(Collected data)
%%
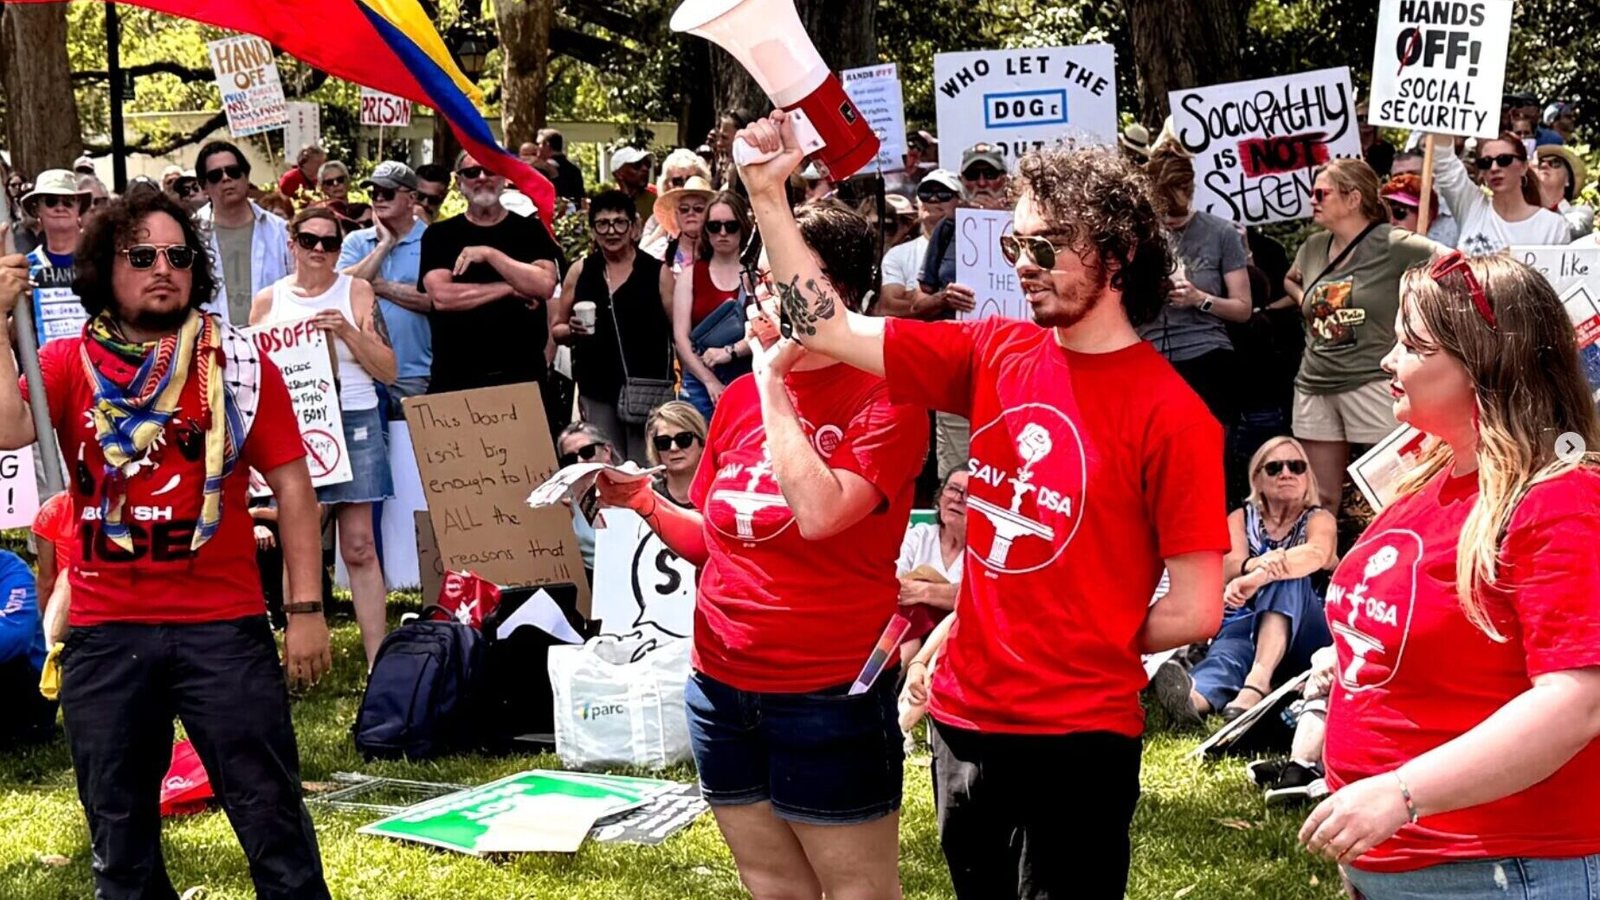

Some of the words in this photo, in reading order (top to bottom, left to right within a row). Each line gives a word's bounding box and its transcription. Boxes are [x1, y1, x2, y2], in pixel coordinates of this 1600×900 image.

[1399, 0, 1485, 27] HANDS
[1396, 25, 1482, 76] OFF!
[940, 59, 990, 98] WHO
[1007, 56, 1050, 75] LET
[1064, 61, 1108, 96] THE
[1399, 77, 1475, 105] SOCIAL
[362, 97, 410, 124] PRISON
[1380, 99, 1488, 132] SECURITY
[1213, 148, 1237, 170] IS
[1247, 137, 1318, 173] NOT
[1561, 252, 1589, 276] like
[988, 272, 1014, 292] THE
[412, 403, 461, 429] This
[464, 398, 518, 426] board
[480, 438, 508, 466] big
[429, 471, 496, 495] enough
[501, 470, 520, 484] to
[967, 458, 1007, 488] SAV
[1036, 486, 1073, 518] DSA
[444, 505, 482, 535] ALL
[492, 504, 521, 526] the
[449, 549, 514, 566] reasons
[528, 539, 565, 558] that
[1365, 597, 1398, 628] DSA
[591, 702, 624, 720] parc
%%
TASK OBJECTIVE
Please transcribe each entry exactly and exclude any image it contains.

ANSWER BOX
Some of the words in this photo, in reading order (top to bottom, left to right within a row). Each line gives a word's bounding box and its transcription. Boxes are [x1, y1, x2, y2], in pixel coordinates of this 1600×900 image.

[1399, 0, 1485, 27] HANDS
[1396, 25, 1482, 76] OFF!
[940, 59, 990, 98] WHO
[1007, 56, 1050, 75] LET
[1064, 61, 1108, 96] THE
[1399, 77, 1475, 105] SOCIAL
[362, 97, 410, 124] PRISON
[1380, 99, 1488, 132] SECURITY
[1213, 148, 1237, 170] IS
[1247, 137, 1318, 173] NOT
[1561, 252, 1589, 276] like
[988, 272, 1014, 292] THE
[412, 403, 461, 429] This
[464, 398, 518, 426] board
[480, 438, 508, 466] big
[429, 471, 496, 495] enough
[501, 470, 520, 484] to
[967, 458, 1007, 488] SAV
[1036, 486, 1073, 518] DSA
[444, 505, 482, 535] ALL
[492, 504, 521, 526] the
[449, 549, 514, 566] reasons
[528, 539, 565, 558] that
[1365, 597, 1398, 628] DSA
[591, 702, 624, 720] parc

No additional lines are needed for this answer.